By Lourdes O. Pilar, Researcher
PHILIPPINE international trade further contracted in July as trade activity remains subdued here and the rest of the world, the Philippine Statistics Authority (PSA) reported on Thursday.
Preliminary data from the PSA showed merchandise exports in July declined by 9.6% to $5.654 billion compared with a revised 12.5% fall in June and 4.8% growth recorded in July 2019.
The July result marked the fifth straight month of decline for exports, as well as the slowest decline this year after the double-digit decline that started in March.
Meanwhile, merchandise imports contracted for the 15th consecutive month in July by 24.4% to $7.481 billion, worsening from the year-on-year declines of 23.1% in June and 0.9% in July last year.
The trade deficit in July stood at $1.827 billion, lower than the $3.641-billion gap in the same month last year. This was, however, the biggest in four months, or since March’s shortfall of $2.368 billion.
The country’s total external trade in goods — the sum of export and import goods — was $13.134 billion in July, 18.6% down year on year. This brought the total trade in the seven-month period to $80.771 billion, nearly a fourth lower than the $105.725 billion a year ago.
For the seven months to July, exports fell by 16.4% to $34.135 billion, worse than the Development Budget Coordination Committee’s (DBCC) revised projection of a 16% fall for the year.
Meanwhile, the import bill declined by 28.1% to $46.636 billion, faster than the DBCC’s revised target of an 18% contraction for 2020.

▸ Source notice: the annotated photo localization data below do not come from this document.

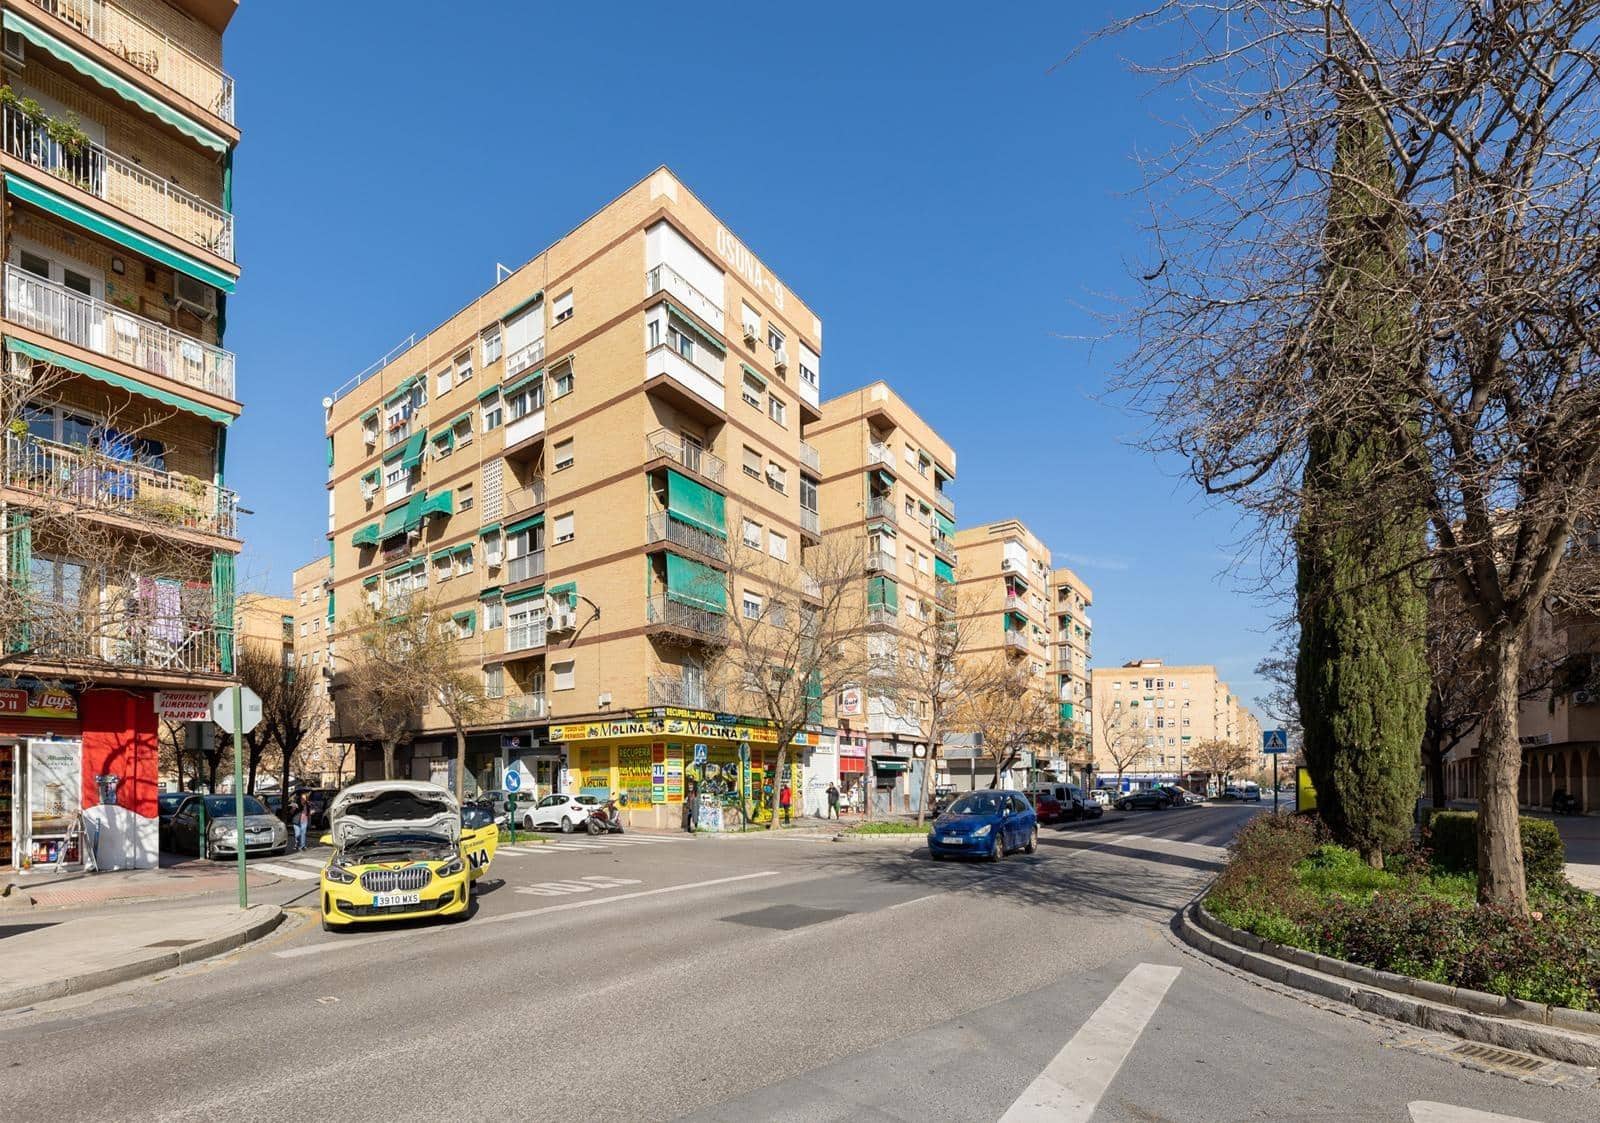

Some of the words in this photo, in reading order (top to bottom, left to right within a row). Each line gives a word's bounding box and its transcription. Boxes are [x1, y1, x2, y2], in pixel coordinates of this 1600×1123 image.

[163, 711, 206, 719] FAJARDO
[599, 723, 645, 736] MOLINA
[687, 720, 737, 738] MOLINA
[379, 895, 400, 905] 3910
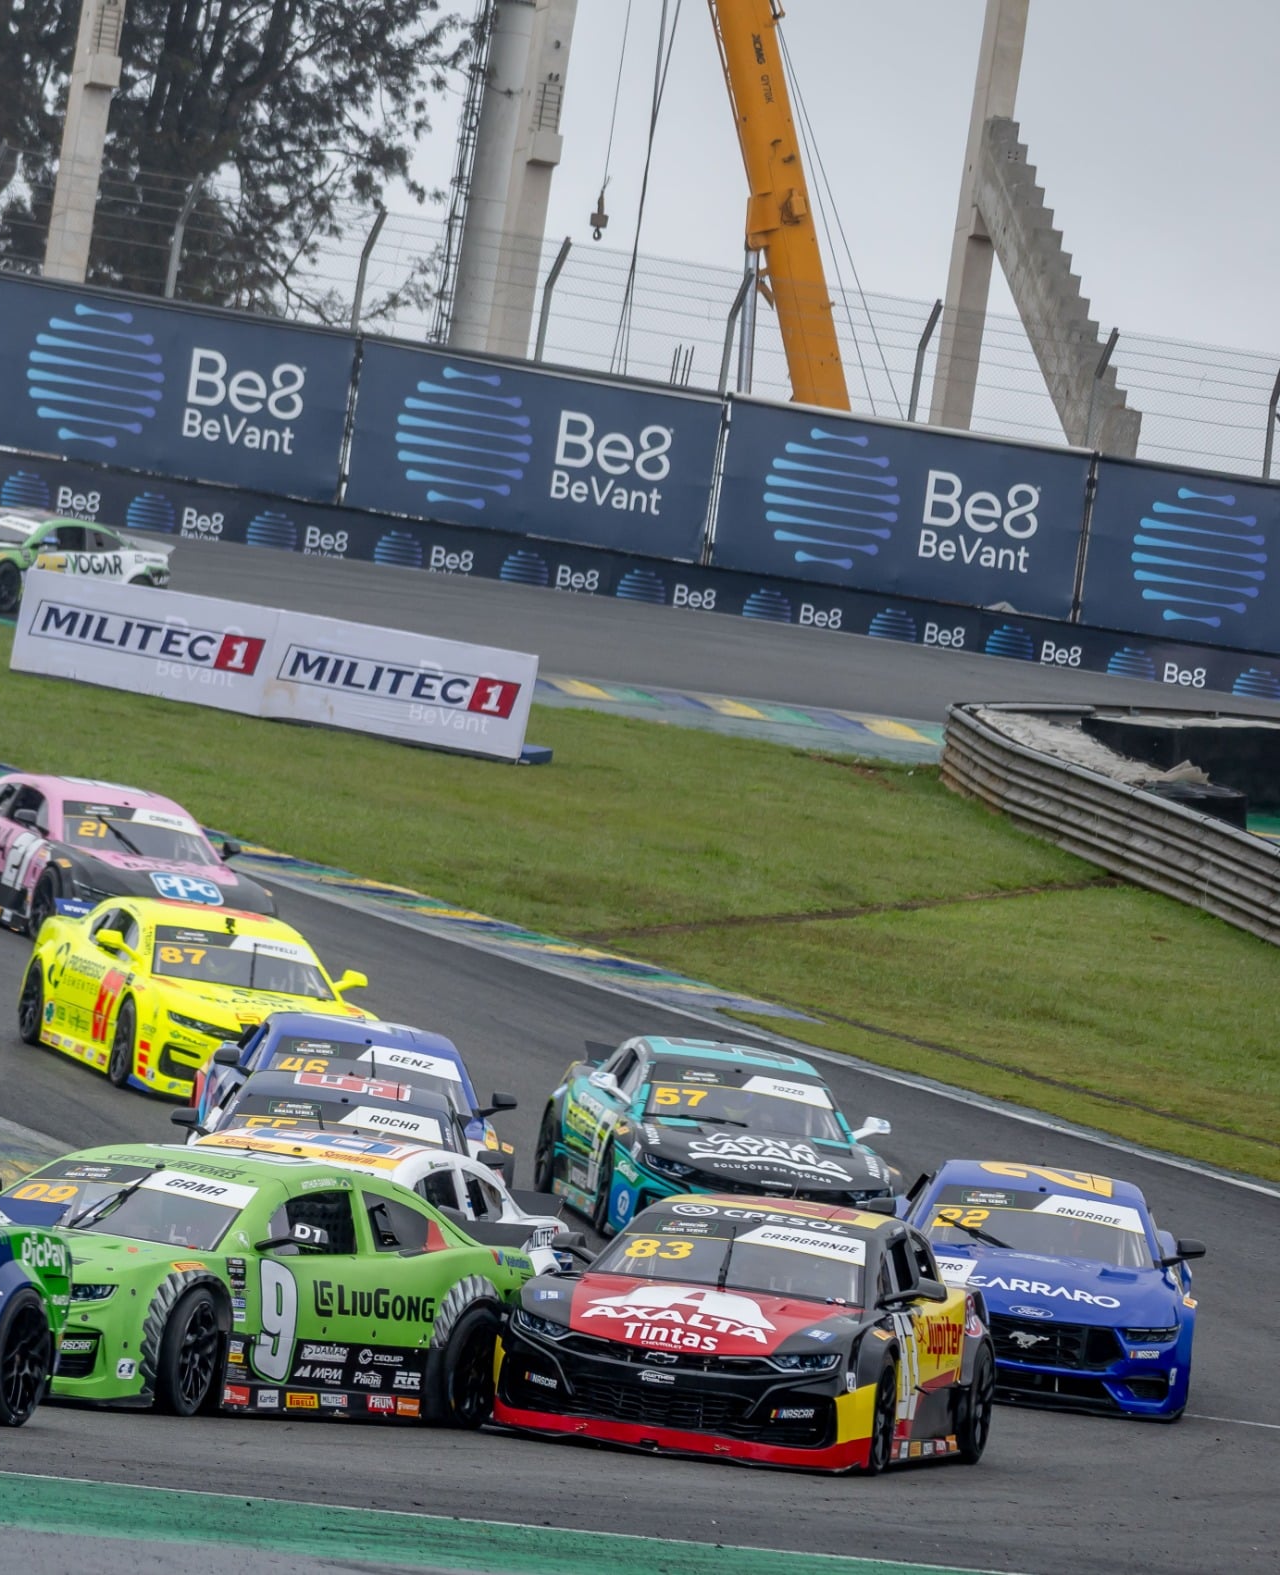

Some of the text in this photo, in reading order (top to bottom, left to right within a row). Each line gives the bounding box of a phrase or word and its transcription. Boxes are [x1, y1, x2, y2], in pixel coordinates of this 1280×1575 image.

[186, 347, 305, 421] Be8
[181, 408, 295, 455] BeVant
[554, 409, 672, 481] Be8
[57, 486, 101, 514] Be8
[549, 470, 662, 516] BeVant
[922, 469, 1040, 539] Be8
[182, 508, 224, 535] Be8
[305, 526, 348, 554] Be8
[918, 529, 1029, 573] BeVant
[68, 554, 123, 576] VOGAR
[430, 545, 474, 572] Be8
[556, 565, 599, 592] Be8
[673, 584, 716, 610] Be8
[799, 604, 842, 630] Be8
[41, 606, 250, 669] MILITEC 1
[923, 623, 965, 648] Be8
[1040, 640, 1082, 667] Be8
[288, 651, 504, 713] MILITEC 1
[1163, 662, 1206, 688] Be8
[78, 821, 108, 838] 21
[160, 874, 217, 898] PPG
[159, 946, 206, 964] 87
[278, 1057, 330, 1073] 46
[389, 1054, 435, 1070] GENZ
[655, 1087, 708, 1107] 57
[772, 1085, 805, 1096] TOZZO
[368, 1114, 421, 1131] ROCHA
[707, 1132, 819, 1158] CANA
[688, 1141, 849, 1174] CAYANA
[713, 1161, 832, 1184] SOLUÇÕES EM AÇÚCAR
[13, 1184, 79, 1202] 09
[165, 1178, 229, 1197] GAMA
[931, 1208, 990, 1228] 22
[1056, 1207, 1121, 1225] ANDRADE
[294, 1224, 323, 1243] D1
[761, 1232, 860, 1254] CASAGRANDE
[22, 1237, 66, 1275] PicPay
[625, 1239, 694, 1260] 83
[967, 1276, 1121, 1309] CARRARO
[254, 1258, 298, 1381] 9
[581, 1306, 768, 1344] AXALTA
[61, 1341, 90, 1350] ASCAR
[623, 1322, 718, 1351] Tintas
[641, 1340, 682, 1350] CHEVROLET
[373, 1353, 404, 1363] CEQUIP
[1135, 1350, 1160, 1360] NASCAR
[312, 1367, 343, 1380] MPM
[533, 1373, 558, 1389] NASCAR
[289, 1394, 315, 1407] PIRELLI
[782, 1408, 815, 1419] NASCAR

Year to date, the trade balance amounted to a $12.501-billion deficit, narrower than the $24.066-billion trade gap in 2019’s comparable seven months.

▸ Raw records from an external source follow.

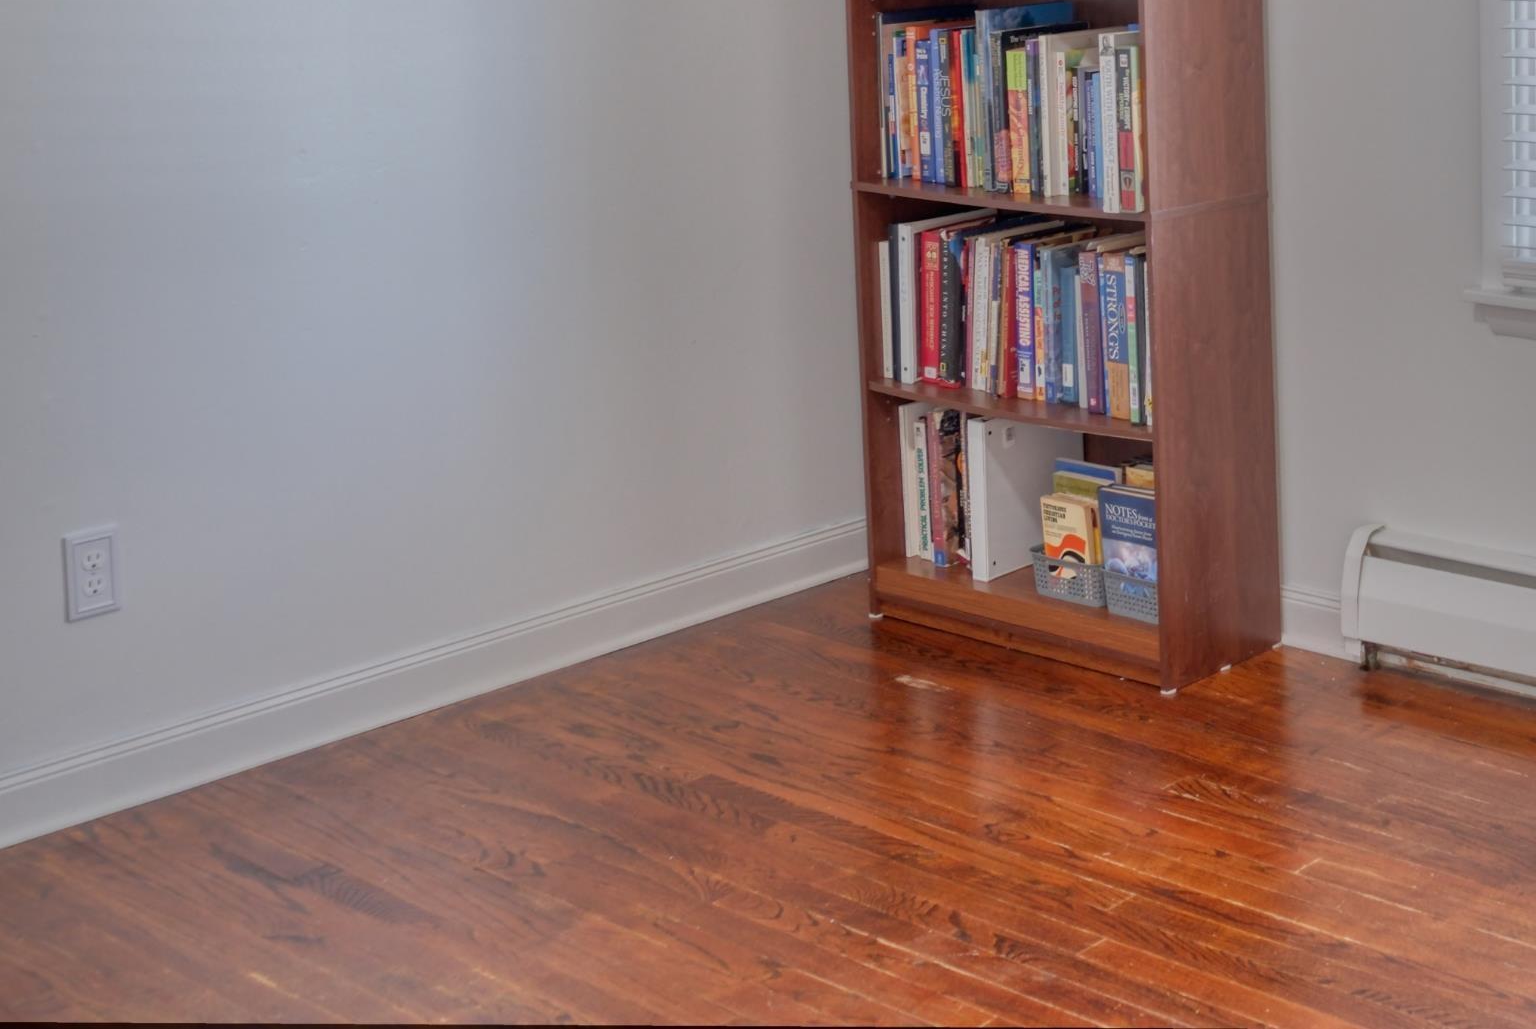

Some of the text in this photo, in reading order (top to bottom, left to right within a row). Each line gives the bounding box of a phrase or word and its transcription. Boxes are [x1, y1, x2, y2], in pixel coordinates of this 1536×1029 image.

[939, 71, 952, 117] JESUS
[1106, 90, 1116, 110] WITH
[1122, 77, 1131, 103] VICTORY
[942, 291, 950, 319] INTO
[1016, 248, 1032, 347] MEDICAL ASSISTING
[940, 323, 949, 358] CHINA
[1105, 503, 1138, 519] NOTES

Manufactured goods, which made up 83.8% of total sales in July, slid by 8.8% to $4.738 billion from $5.194 billion previously.

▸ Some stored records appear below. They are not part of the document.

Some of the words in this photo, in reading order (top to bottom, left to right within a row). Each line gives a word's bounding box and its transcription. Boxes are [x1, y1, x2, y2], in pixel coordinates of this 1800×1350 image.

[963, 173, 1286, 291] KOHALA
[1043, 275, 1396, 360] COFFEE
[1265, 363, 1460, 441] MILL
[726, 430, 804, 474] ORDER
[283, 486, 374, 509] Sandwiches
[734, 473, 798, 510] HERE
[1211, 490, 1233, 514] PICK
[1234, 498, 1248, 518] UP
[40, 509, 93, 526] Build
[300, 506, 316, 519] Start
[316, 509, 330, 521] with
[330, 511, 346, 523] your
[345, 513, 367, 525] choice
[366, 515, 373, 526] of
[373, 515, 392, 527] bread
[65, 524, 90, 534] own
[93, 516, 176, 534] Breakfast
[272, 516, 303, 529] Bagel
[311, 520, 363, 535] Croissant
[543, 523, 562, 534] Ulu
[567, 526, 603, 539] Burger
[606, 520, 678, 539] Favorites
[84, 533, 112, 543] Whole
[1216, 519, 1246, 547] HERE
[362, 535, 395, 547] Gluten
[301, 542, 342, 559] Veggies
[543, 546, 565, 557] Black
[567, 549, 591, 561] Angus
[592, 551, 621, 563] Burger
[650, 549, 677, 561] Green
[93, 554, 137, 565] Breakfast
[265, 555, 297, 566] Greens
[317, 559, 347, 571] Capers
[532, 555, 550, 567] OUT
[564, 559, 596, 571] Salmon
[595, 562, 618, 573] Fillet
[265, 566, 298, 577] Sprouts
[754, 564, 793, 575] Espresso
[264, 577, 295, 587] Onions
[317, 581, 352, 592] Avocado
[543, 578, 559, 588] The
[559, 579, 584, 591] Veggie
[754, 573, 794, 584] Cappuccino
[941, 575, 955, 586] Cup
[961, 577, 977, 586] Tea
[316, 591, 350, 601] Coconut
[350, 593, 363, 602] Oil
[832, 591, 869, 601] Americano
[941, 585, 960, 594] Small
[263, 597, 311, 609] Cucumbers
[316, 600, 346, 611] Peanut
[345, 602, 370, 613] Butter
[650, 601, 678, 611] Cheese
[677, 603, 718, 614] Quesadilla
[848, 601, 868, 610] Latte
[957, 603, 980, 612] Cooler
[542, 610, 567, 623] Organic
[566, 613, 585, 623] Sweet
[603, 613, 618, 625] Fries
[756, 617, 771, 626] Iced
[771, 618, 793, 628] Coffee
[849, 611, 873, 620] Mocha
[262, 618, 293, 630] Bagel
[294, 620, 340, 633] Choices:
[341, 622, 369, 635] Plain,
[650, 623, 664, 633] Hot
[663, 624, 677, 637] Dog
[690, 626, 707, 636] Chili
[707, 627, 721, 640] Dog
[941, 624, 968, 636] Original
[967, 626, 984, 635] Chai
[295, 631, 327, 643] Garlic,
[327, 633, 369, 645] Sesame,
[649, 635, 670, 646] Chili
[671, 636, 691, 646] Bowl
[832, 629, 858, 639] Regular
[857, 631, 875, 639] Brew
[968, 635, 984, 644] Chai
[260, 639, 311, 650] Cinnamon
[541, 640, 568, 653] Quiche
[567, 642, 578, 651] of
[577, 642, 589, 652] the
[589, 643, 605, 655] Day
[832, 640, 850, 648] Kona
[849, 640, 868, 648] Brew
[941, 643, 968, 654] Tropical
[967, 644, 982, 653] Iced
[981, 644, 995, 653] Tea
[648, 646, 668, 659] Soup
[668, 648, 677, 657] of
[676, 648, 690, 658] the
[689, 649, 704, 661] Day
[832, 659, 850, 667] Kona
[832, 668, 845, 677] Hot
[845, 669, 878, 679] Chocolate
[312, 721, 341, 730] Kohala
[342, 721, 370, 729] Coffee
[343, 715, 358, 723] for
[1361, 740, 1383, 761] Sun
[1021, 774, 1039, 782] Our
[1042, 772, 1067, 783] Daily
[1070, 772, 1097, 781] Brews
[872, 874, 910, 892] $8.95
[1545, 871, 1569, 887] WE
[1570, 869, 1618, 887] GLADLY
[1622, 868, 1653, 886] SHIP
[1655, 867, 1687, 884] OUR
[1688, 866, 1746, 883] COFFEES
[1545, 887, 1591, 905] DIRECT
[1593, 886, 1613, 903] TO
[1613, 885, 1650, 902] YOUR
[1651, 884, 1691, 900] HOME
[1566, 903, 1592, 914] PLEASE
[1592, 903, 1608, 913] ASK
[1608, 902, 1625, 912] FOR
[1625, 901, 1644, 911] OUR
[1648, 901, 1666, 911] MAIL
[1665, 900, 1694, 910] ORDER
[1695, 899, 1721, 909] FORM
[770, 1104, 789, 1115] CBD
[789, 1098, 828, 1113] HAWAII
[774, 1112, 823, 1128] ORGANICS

Electronics, which made up about 70% of manufactured goods and more than half of the total exported goods, declined by 2.6% to $3.351 billion in July, with semiconductors contributing $2.501 billion, down 1.8%.
Outbound shipments of agro-based products likewise shrank by 21.7% to $342.578 million, followed by forest products which fell by 6% to $29.240 million, and petroleum products which dropped by 92.2% to $258,710.
Bucking the trend were exports of mineral products, which rose 0.1% to $437.853 million.
On the import side, purchases of raw materials and intermediate goods, which made up 41% of the import total, declined by 14.8% to $3.066 billion in July.
Capital goods, comprising 31.5% of the total, fell by 29.8% to $2.358 billion.
Imports of consumer goods fell by 27.3% to $1.227 billion and mineral fuels, lubricant and related materials dropped by 36.2% to $746.962 million.
“The continuous contraction of exports and imports reflect the lethargy of both domestic and world economies due to the seemingly increasing rampage of the COVID-19 (coronavirus disease 2019) pandemic,” said University of Asia and the Pacific (UA&P) Senior Economist Cid L. Terosa in an e-mail.
In a statement, ING Bank N.V. Manila Senior Economist Nicholas Antonio T. Mapa said the severe contraction in major import commodities reflects “fading domestic demand with the economy in recession.”
The economy plunged into a recession as gross domestic product (GDP) fell by a record 16.5% in the second quarter. For the first half, the country’s GDP decline at 8.6%.
The country’s external trade, while a net negative contributor to the calculation of GDP growth, is still considered an essential growth component. This as exports and purchases of investment goods abroad such as capital goods and raw and intermediate materials are seen to contribute to growth in capital formation and government spending through its “Build, Build, Build” infrastructure program.
Mr. Mapa said the “sustained double-digit contraction” in capital goods and raw materials “point to fading potential output,” increasing the possibility that Philippine economic growth could slow in the next few years.
“The drop in trade performance will constrain economic growth by curtailing domestic production and income-earning activities,” UA&P’s Mr. Terosa said. Many exporters will find smaller and limited world markets while import-dependent industries will encounter some supply bottlenecks.”
“As long as domestic and world markets remain listless, trade performance will continue to be sluggish until the first quarter of next year. Trade activities may start to pick up after that,” he added.
In a phone interview, Philippine Exporters Confederation, Inc. President Sergio R. Ortiz-Luis, Jr. said that while it would be difficult to reverse the decline in exports this year, the recent “established trend” of slower year-on-year declines would hopefully make it possible for export performance to even out by the end of the year.